CLAIMS1. A method for manufacturing steel laminations (1; 10; 20) for a laminated core (15; 25), such as a transformer core or a stator core (15) or a rotor core (25) of an electric motor, wherein the laminations (1; 10; 20) are subjected to a heat treatment process, in particular an annealing process, characterized in that the heat treatment process comprises heating the laminations (1; 10; 20) to a processing temperature between 815 °C and 930 °C in a processing atmosphere containing between 2 and 21 volume-% oxygen gas with balance inert gas, such as nitrogen and / or a noble gas.

2. The method for manufacturing steel laminations (1; 10; 20) according to claim 1, characterized in that the said processing temperature amounts to more than 850 °C and preferably has a value between 860 and 890 °C.

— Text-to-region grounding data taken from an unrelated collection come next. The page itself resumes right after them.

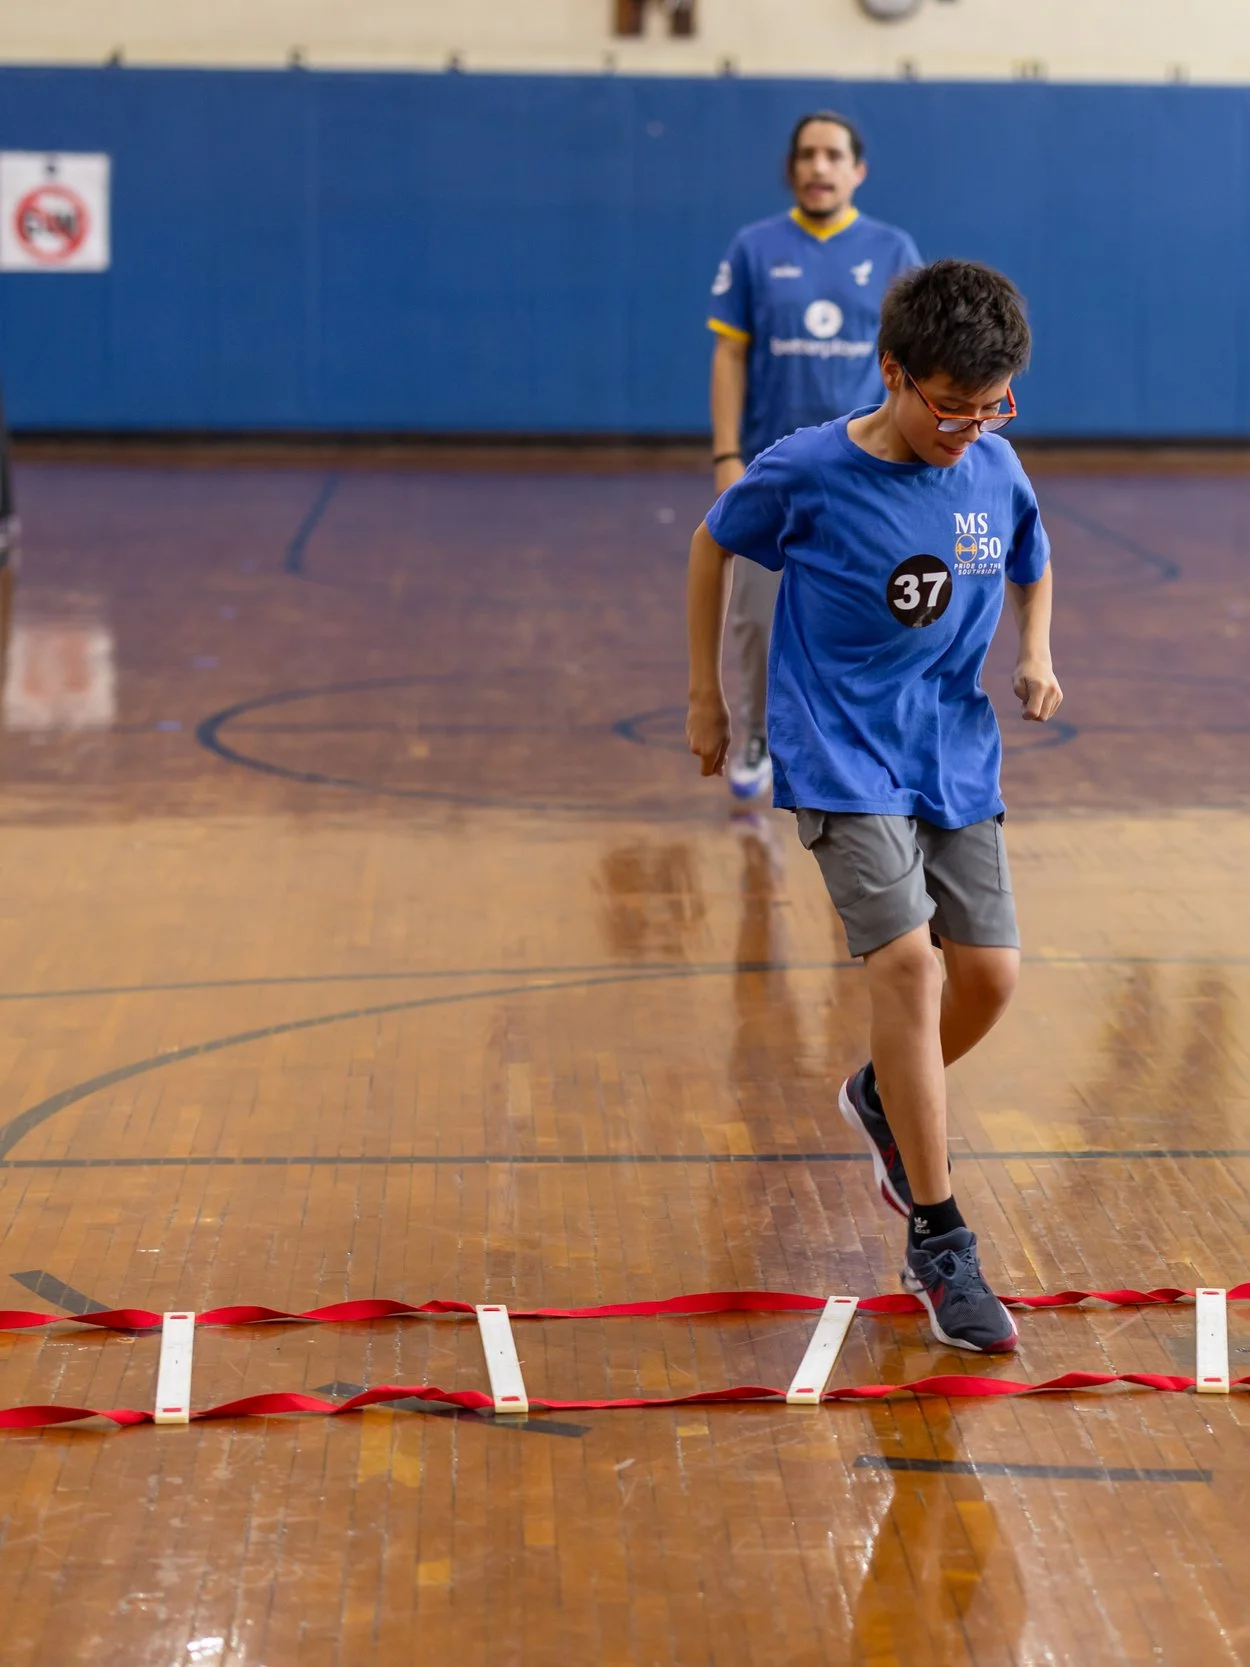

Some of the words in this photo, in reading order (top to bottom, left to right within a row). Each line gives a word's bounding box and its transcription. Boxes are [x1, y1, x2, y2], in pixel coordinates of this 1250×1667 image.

[953, 512, 988, 535] MS
[978, 536, 1002, 561] 50
[954, 562, 976, 570] PRIDE
[978, 562, 988, 570] OF
[893, 571, 948, 610] 37

3. The method for manufacturing steel laminations (1; 10; 20) according to claim 1 or 2, characterized in that the said processing atmosphere comprises between 5 and 15 volume-% oxygen gas and preferably comprises between 8 and 12 volume-% oxygen gas.

4. The method for manufacturing steel laminations (1; 10; 20) according to claim 1, 2 or 3, characterized in that the laminations (1; 10; 20) are subjected to the said heat treatment process during a processing time sufficient to completely recrystallize the laminations (1; 10; 20) and preferably between 15 and 120 seconds.

5. The method for manufacturing steel laminations (1; 10; 20) according to a preceding claim, characterized in that the laminations (1; 10; 20) are made of silicon-containing electrical steel with 2.0 to 4.0 mass-% silicon (Si), 0.5 to 2.5 mass-% aluminum (Al), <1.0 mass-% manganese (Mn), <0.005 mass-% carbon (C) mass-%, with balance iron (Fe) and with Si+AI > 4.0 mass-%.

6. The method for manufacturing steel laminations (1; 10; 20) according to a preceding claim, characterized in that the laminations (1; 10; 20) are provided with an electrically insulating coating having an organic component, in particular an ASTM C5-type coating.

7. The method for manufacturing steel laminations (1; 10; 20) according to apreceding claim, characterized in that, after the said heat treatment process is completed, a glue having an organic component is applied to the laminations (1; 10; 20).

8. The method for manufacturing steel laminations (1; 10; 20) according to a preceding claim, characterized in that, before these are subjected to the said heat treatment process, the laminations (1; 10; 20) are partially cut from a sheet metal strip (30), with connecting tabs (32) remaining between the laminations (1; 10; 20) and a frame part (31) of the sheet metal strip (30), and the laminations (1; 10; 20) are subsequently completely cut loose from the sheet metal strip (30), by cutting through the said connecting tabs (32), only after the said heat treatment process is completed.

9. An electric motor with a laminated core (15; 25) comprising a stack of laminations (1; 10; 20) that are manufactured with the method according to a preceding claim.